Holiday pay After much speculation The Employment Appeal Tribunal has said ‘YES’ commission should be included when calculating holiday pay.

The Employment Appeal Tribunal (EAT) has held that results-based commission should be included when calculating a worker’s four week entitlement to holiday pay under European law.

The case in question……

British Gas Trading Limited v Lock. Mr Lock had normal working hours and was paid a basic salary plus commission on the sales he achieved. Such results-based commission made up approximately 60% of his remuneration. Mr Lock’s holiday pay only included his basic salary and he made a claim that commission should be included as well.
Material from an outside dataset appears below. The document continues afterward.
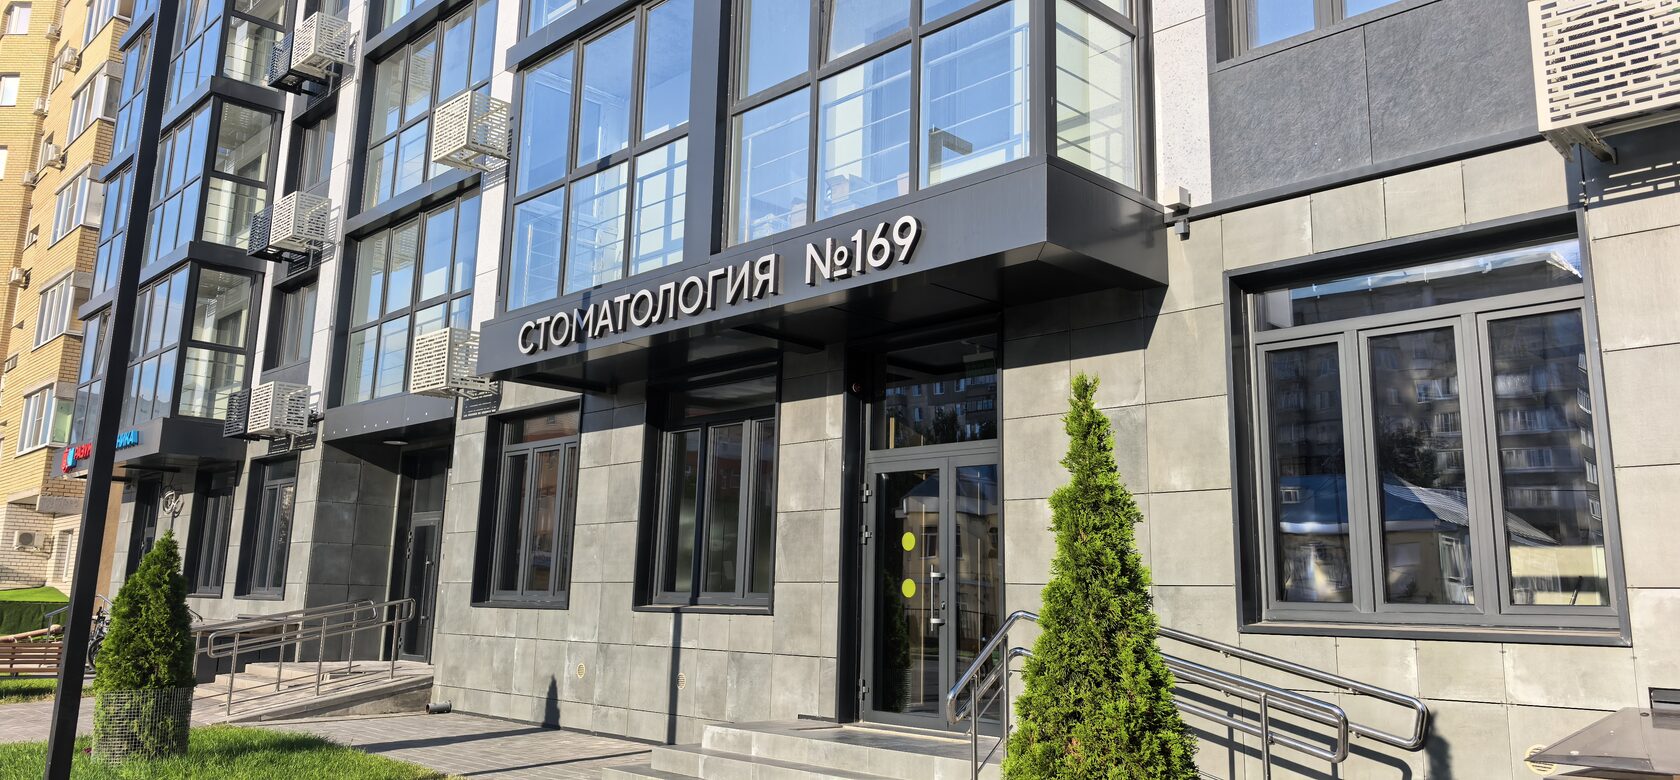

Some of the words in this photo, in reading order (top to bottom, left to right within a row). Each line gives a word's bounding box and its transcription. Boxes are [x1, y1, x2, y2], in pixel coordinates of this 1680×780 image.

[518, 253, 781, 355] СТОМАТОЛОГИЯ
[805, 215, 922, 286] №169
[115, 430, 137, 448] НИКА
This case went to the European Court of Justice which said that workers should receive their ‘normal remuneration’ during their statutory holiday under European law (4 weeks’ holiday).

What does this mean?

Basically commission should be included when calculating the statutory four weeks’ holiday pay,

although it need not be included when calculating the additional 1.6 weeks’ holiday entitlement provided by UK law in the Working Time Regulations 1998.

What should you do?

Employers should calculate holiday pay so that it includes results-based commission, at least in relation to the statutory four weeks’ holiday provided under European law.

This case however does not provide any further clarity on the appropriate reference period for averaging pay, no surprise there!  So a calculation based on a 12 week reference period may be a good idea but it is important that the reference period is representative of the worker’s normal remuneration.